◆ **Task details**
Wherever pictures occur in the entries below, leave them out and retype the rest exactly.

◆ **Image-backed grounding data**
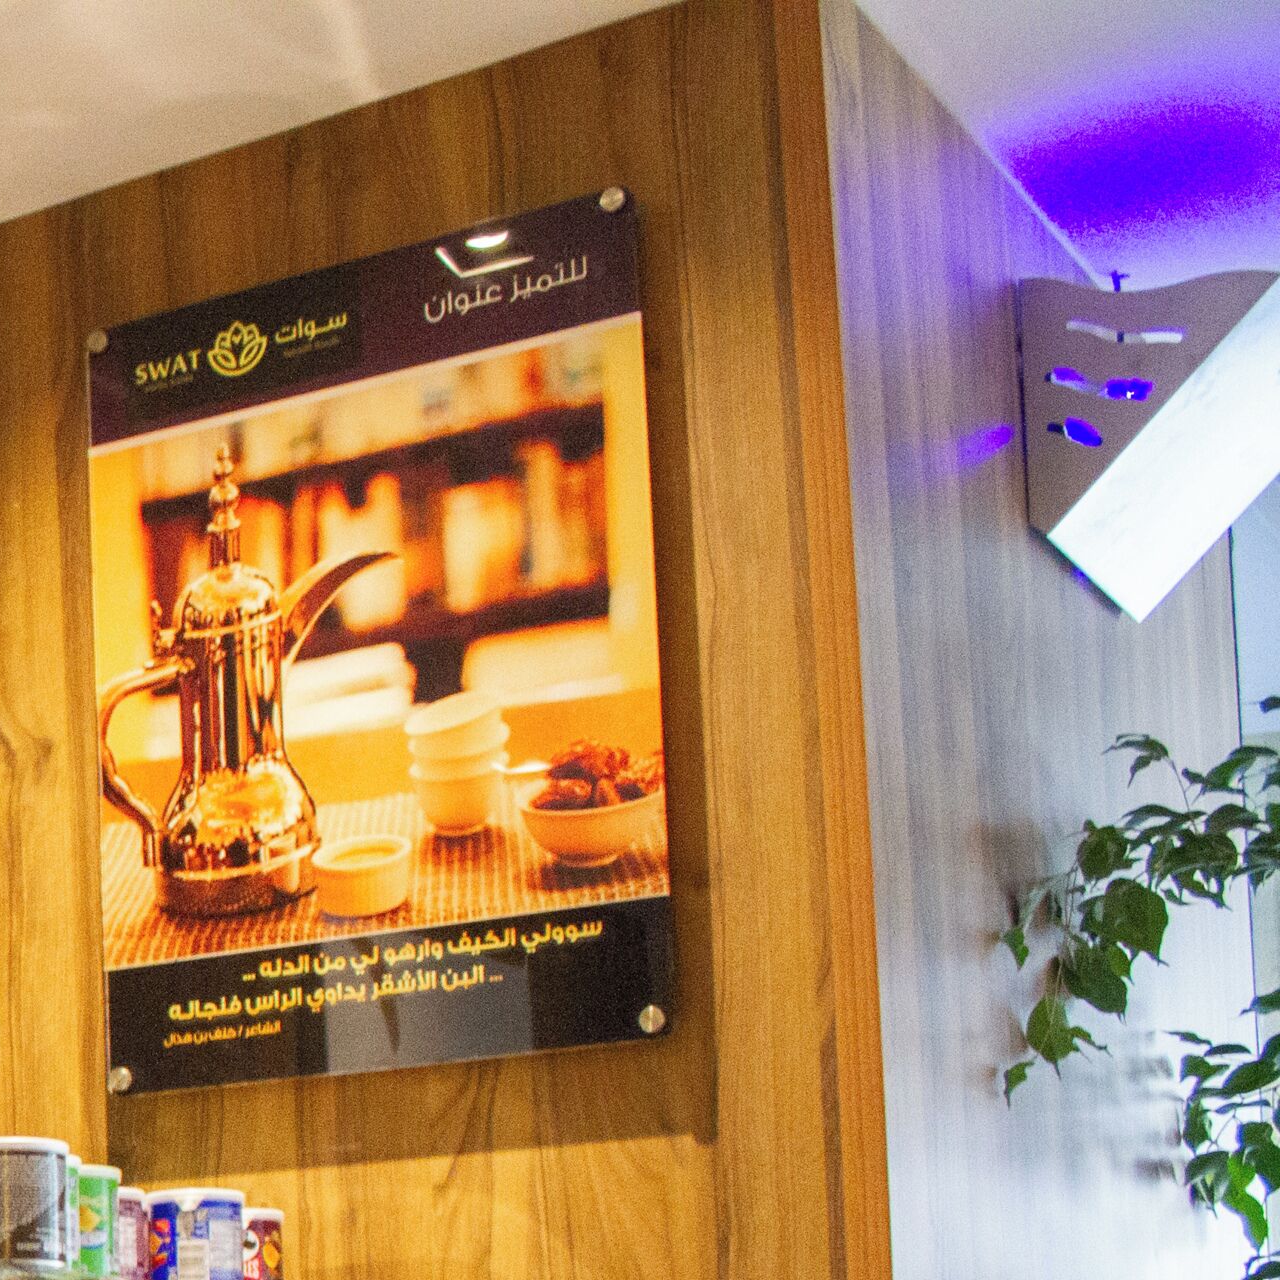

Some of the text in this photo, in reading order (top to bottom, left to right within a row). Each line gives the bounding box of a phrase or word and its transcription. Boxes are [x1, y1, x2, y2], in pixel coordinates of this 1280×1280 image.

[424, 255, 587, 323] للتميز عنوان
[274, 312, 348, 344] سوات
[135, 349, 201, 386] SWAT
[447, 926, 516, 956] الكيف
[313, 951, 347, 976] من
[441, 963, 486, 992] البن
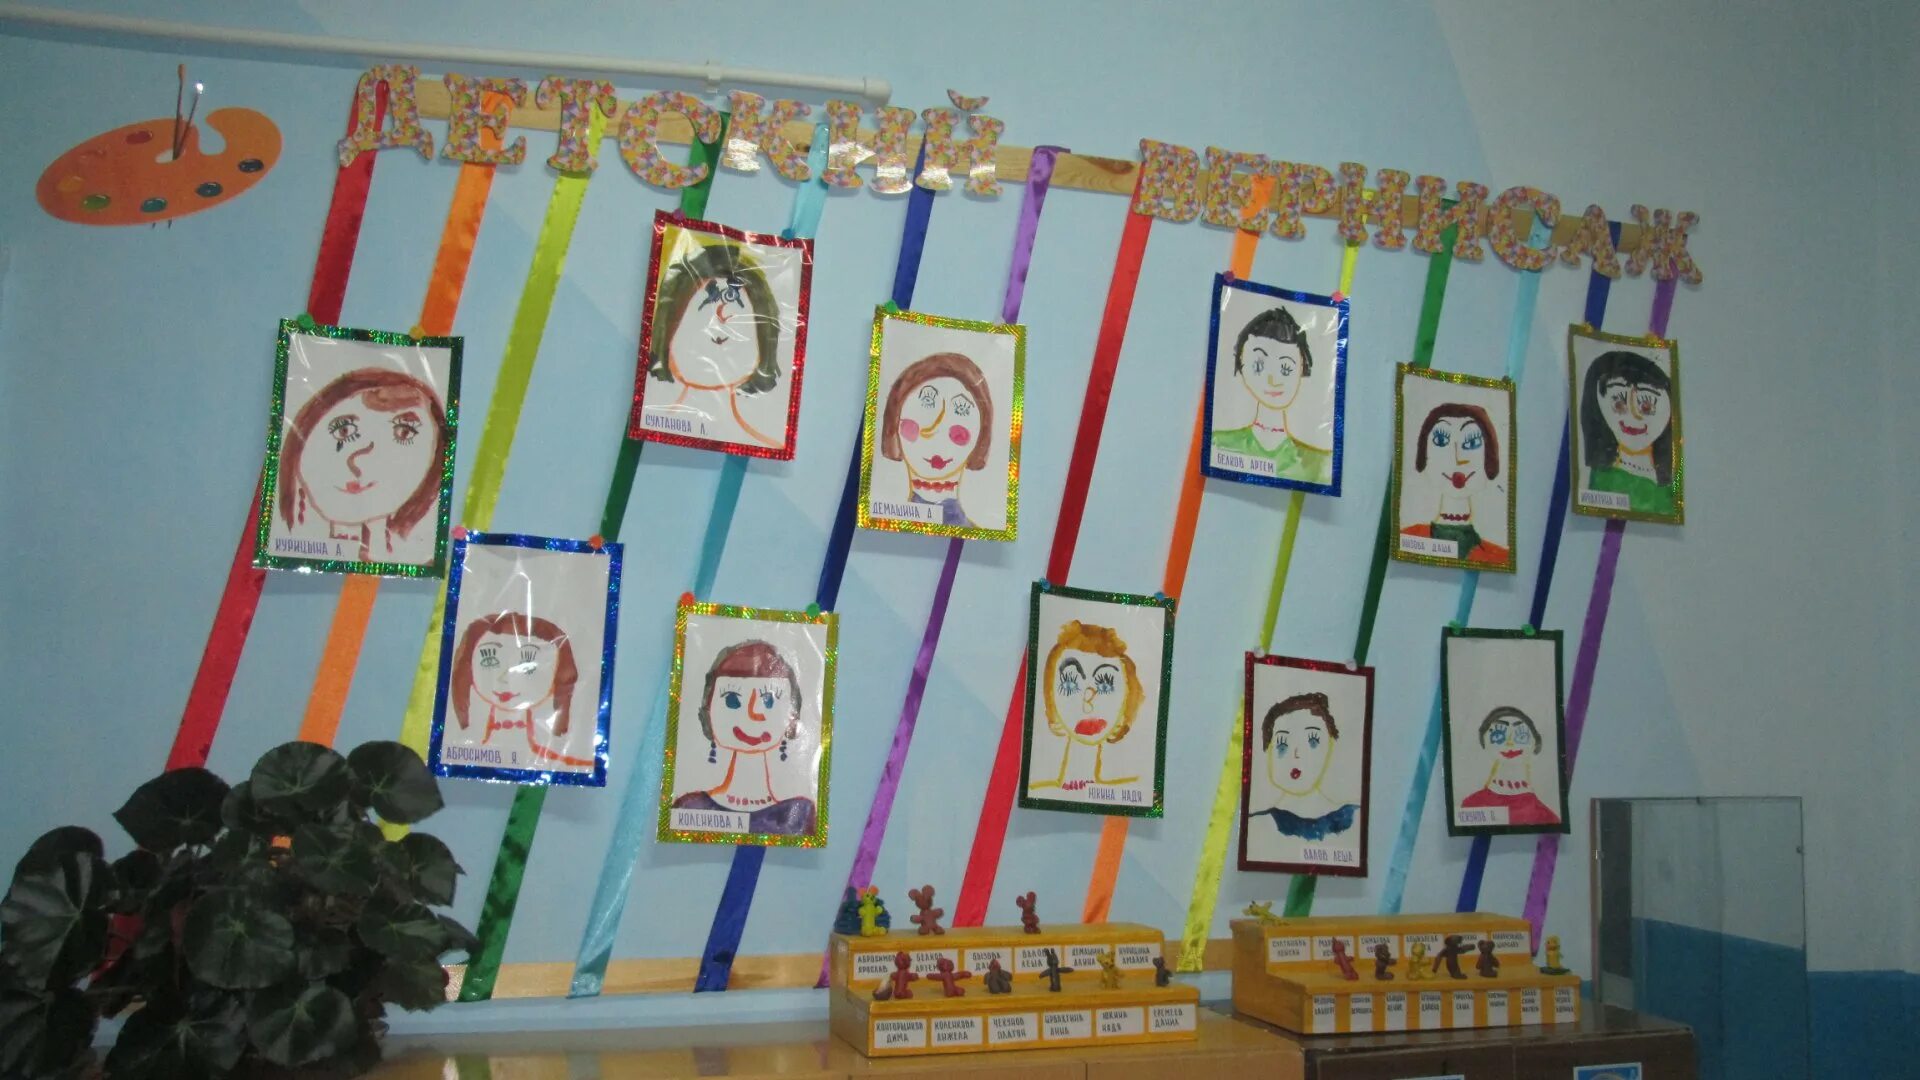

◆ **Task solution**
Some of the text in this photo, in reading order (top to bottom, left to right within a row). Each line gives the bounding box of a phrase or word and its transcription. Boxes are [x1, y1, x2, y2], in pixel coordinates of this 1280×1280 image.

[424, 255, 587, 323] للتميز عنوان
[274, 312, 348, 344] سوات
[135, 349, 201, 386] SWAT
[447, 926, 516, 956] الكيف
[313, 951, 347, 976] من
[441, 963, 486, 992] البن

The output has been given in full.